Plaintiff claims the Defendants violated her rights under the First, Fifth, and Fourteenth Amendments. She can be understood to claim that the Defendants retaliated against her “for exercising her First Amendment right by filing” the Form. Id. at 5. Plaintiff also states that the Defendants sexually harassed her, sexually assaulted her, verbally abused her, and discriminated against her on the basis of sex. She identifies her injuries as increased anxiety, emotional and mental distress, undue worry and stress, sleep disturbance, and fear of authority figures. She seeks monetary relief.

Discussion

The Court will dismiss Plaintiff's official-capacity claims. An official-capacity claim against an individual is actually “against the governmental entity itself.” White v. Jackson, 865 F.3d 1064, 1075 (8th Cir. 2017). Thus, a “suit against a public employee in his or her official capacity is merely a suit against the public employer.” Johnson v. Outboard Marine Corp., 172 F.3d 531, 535 (8th Cir. 1999). See also Elder-Keep v. Aksamit, 460 F.3d 979, 986 (8th Cir. 2006) (stating that a “suit against a public official in his official capacity is actually a suit against the entity for which the official is an agent”); Brewington v. Keener, 902 F.3d 796, 800 (8th Cir. 2018) (explaining that an official capacity suit against sheriff and his deputy “must be treated as a suit against the County”). To prevail on an official capacity claim, a plaintiff must establish the governmental entity's liability for the alleged conduct. Kelly v. City of Omaha, Neb., 813 F.3d 1070, 1075 (8th Cir. 2016).

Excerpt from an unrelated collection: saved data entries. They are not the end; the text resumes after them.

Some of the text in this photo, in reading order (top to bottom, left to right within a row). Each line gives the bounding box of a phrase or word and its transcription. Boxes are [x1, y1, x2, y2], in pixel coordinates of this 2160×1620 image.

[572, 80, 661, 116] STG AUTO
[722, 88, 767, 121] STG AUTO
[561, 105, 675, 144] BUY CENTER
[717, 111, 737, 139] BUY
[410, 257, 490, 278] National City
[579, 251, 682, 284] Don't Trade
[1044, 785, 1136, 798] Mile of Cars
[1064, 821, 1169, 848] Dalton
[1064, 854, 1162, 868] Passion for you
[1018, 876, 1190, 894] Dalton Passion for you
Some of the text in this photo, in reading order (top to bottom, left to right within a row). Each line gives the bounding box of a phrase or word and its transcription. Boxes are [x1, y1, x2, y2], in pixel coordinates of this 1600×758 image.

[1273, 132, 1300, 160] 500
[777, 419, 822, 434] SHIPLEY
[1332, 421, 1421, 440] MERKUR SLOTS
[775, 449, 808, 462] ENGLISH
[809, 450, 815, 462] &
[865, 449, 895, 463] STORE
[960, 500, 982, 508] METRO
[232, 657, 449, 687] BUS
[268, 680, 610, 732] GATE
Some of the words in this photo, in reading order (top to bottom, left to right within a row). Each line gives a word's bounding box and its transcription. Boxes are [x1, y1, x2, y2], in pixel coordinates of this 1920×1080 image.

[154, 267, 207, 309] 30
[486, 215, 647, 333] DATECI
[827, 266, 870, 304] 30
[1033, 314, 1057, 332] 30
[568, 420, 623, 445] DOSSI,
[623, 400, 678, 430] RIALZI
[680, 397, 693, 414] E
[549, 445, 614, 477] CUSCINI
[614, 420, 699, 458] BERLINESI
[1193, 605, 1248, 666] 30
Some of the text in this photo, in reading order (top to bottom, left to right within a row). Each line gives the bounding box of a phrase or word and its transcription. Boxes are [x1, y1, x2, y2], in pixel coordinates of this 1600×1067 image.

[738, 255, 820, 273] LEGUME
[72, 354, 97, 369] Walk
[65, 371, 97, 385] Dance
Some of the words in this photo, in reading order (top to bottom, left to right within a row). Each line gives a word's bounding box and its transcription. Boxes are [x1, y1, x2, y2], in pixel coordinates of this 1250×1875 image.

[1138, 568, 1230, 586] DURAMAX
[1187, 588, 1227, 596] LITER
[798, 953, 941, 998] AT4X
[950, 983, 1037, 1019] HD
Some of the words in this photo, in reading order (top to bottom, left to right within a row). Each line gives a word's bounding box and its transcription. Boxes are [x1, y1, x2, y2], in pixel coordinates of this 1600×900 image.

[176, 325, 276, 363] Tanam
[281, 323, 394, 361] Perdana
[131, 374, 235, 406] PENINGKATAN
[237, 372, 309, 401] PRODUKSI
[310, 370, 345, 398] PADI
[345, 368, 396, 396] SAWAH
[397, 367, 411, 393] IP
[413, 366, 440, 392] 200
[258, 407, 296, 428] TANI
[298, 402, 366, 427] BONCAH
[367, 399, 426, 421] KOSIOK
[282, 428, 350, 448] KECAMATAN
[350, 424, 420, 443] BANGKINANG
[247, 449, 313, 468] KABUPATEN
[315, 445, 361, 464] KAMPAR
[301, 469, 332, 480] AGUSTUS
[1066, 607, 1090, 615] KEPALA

Plaintiff identifies both defendants as St. Francois County Sheriff's Department employees. The St. Francois County Sheriff's Department is not an entity that is subject to suit under 42 U.S.C. § 1983. See Ketchum v. City of West Memphis, Ark., 974 F.2d 81, 82 (8th Cir. 1992) (stating that “departments or subdivisions” of local government are not “juridical entities suable as such”). St. Francois County is an entity that can be sued directly under 42 U.S.C. § 1983. Monell v. Dep't of Soc. Servs. of City of New York, 436 U.S. 658, 690 (1978). Liability may attach if a constitutional violation resulted from an official policy, an unofficial custom, or a deliberately indifferent failure to train or supervise. Mick v. Raines, 883 F.3d 1075, 1079 (8th Cir. 2018). In this case, the Complaint contains no such assertions. Therefore, the Court will dismiss Plaintiff's official-capacity claims.

The Court now addresses Plaintiff's individual-capacity claims. Plaintiff can be understood to assert a First Amendment retaliation claim against both defendants under 42 U.S.C. § 1983. To establish such a claim, a plaintiff must show (1) she engaged in a protected activity, (2) the government official took adverse action against her that would chill a person of ordinary firmness from continuing in the activity, and (3) the adverse action was motivated at least in part by the exercise of the protected activity. Revels v. Vincenz, 382 F.3d 870, 876 (8th Cir. 2004). The “ordinary firmness” test is an objective one. Garcia v. City of Trenton, 348 F.3d 726, 728 (8th Cir. 2003). The relevant inquiry is not whether the plaintiff was deterred; although the plaintiff's actions might be evidence of what a reasonable person would have done. Id. The inquiry “is usually best left to the judgment of a jury.” Santiago v. Blair, 707 F.3d 984, 992 (8th Cir. 2013).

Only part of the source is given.